Can't argue with the horses mouth....
Nice it's that end talking for a change!
:lol:
Apparently you can try this link and this extract from their forum
http://www.vegetableoildiesel.co.uk/This exemption refers to Biofuels - which are Biodiesel, Bioblend, Bioethanol and Bioethanol blend.
The question would be does SVO/WVO qualify under the exemption.
1. If the SVO meets the fiscal definition for biodiesel (96.5% etsters and 0.005% or nil sulphur by weight etc..) then no problems.
2. If it does not meet the definition in No.1 above will it meet any of the other definitions?
2a. Is SVO a Bioblend = biodiesel mixed with heavy oil, therefore no.
2b & c. Is SVO a Bioethanol/blend = obviously not.

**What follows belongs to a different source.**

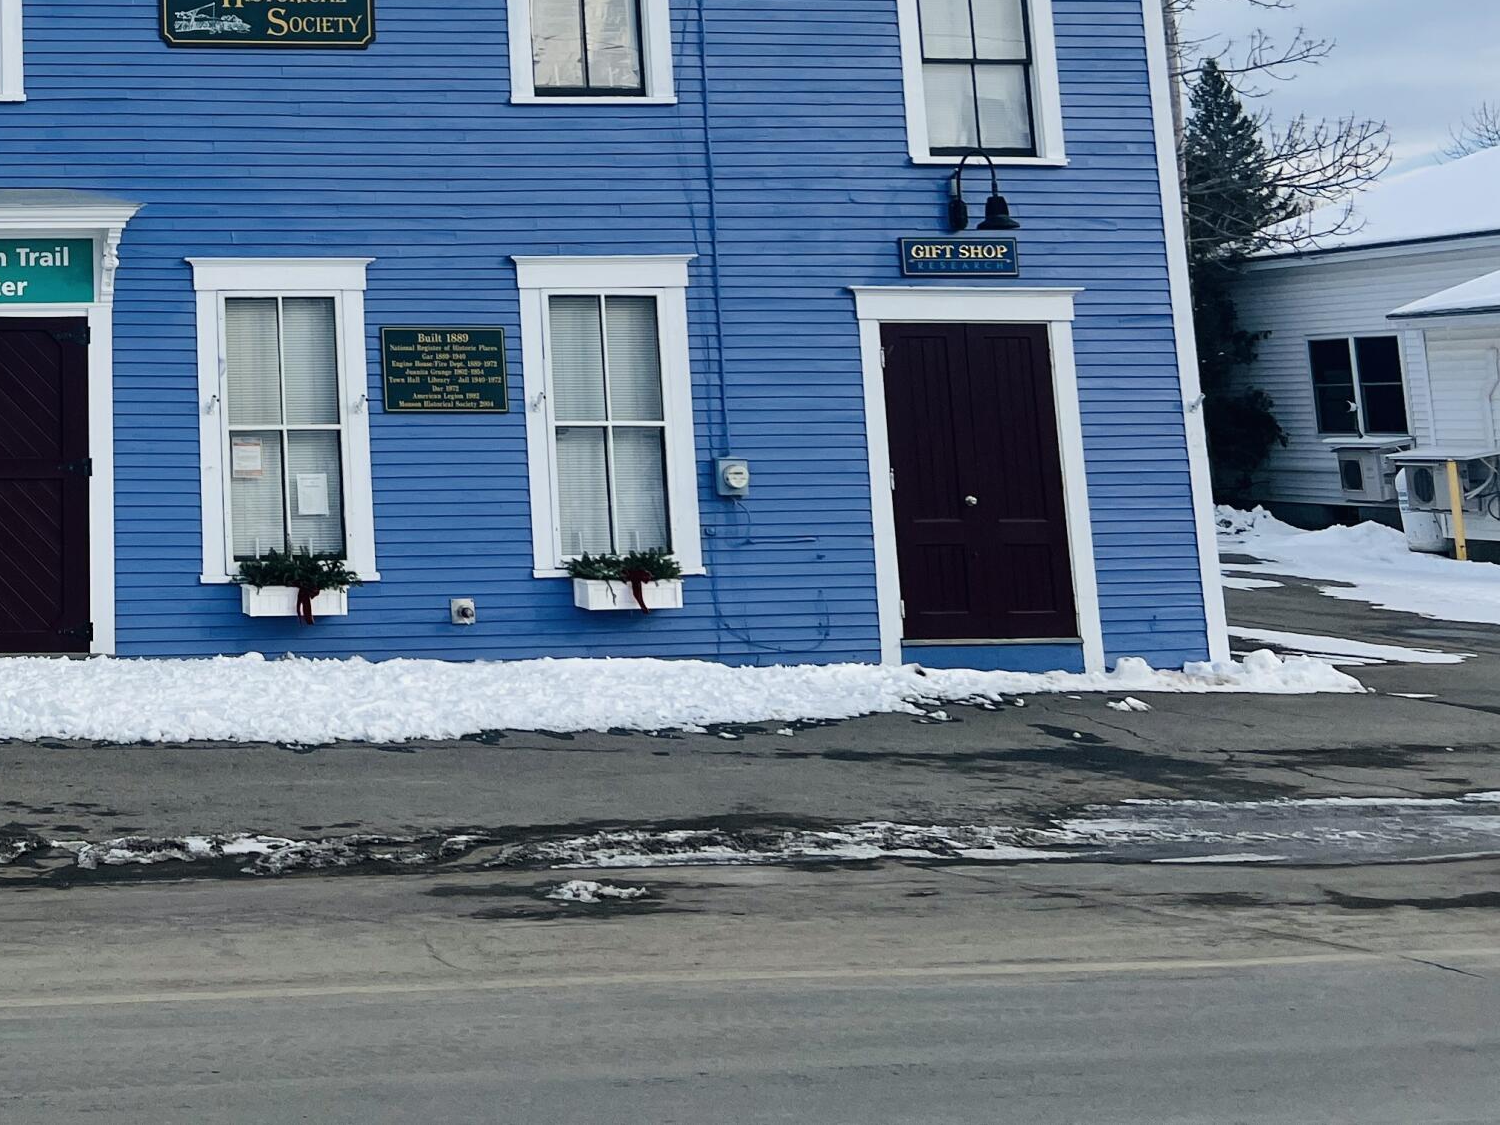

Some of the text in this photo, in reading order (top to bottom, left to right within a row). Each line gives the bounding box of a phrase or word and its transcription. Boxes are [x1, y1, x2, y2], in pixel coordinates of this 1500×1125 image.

Therefore under the current HMC&E 197E (which has yet to be updated) SVO/WVO would be considered as a fuel substitute. Although a number of their other pages have not been updated they have been saying that SVO is a a fuel substitute:
From HMC&E FAQ page:
"What is the duty rate on cooking oil?
Cooking oil (whether used or unused) which has not been specifically produced or processed as a road fuel, will normally be classed as a fuel substitute. The duty rate will be the same as the sulphur-free diesel rate.
The important question is whether the finished fuel meets the legal definition. If a vegetable oil used as road fuel meets the fiscal definition HMRC will be happy to accept that it is entitled to the duty rate for biodiesel."
I fear, that unless, HMC&E or a stated case sheds light on the subject people using SVO as a biofuel should be prepared to show it meets the fiscal definition or be ready to pay the higher rate of duty.
I know that people will quote previous SVO rulings, but from memory the case rested on the fiscal definition.
Remember, all that has changed is the way the duty is collected. Unless I have missed it there has been no re-defining of the definitions of Biofuels.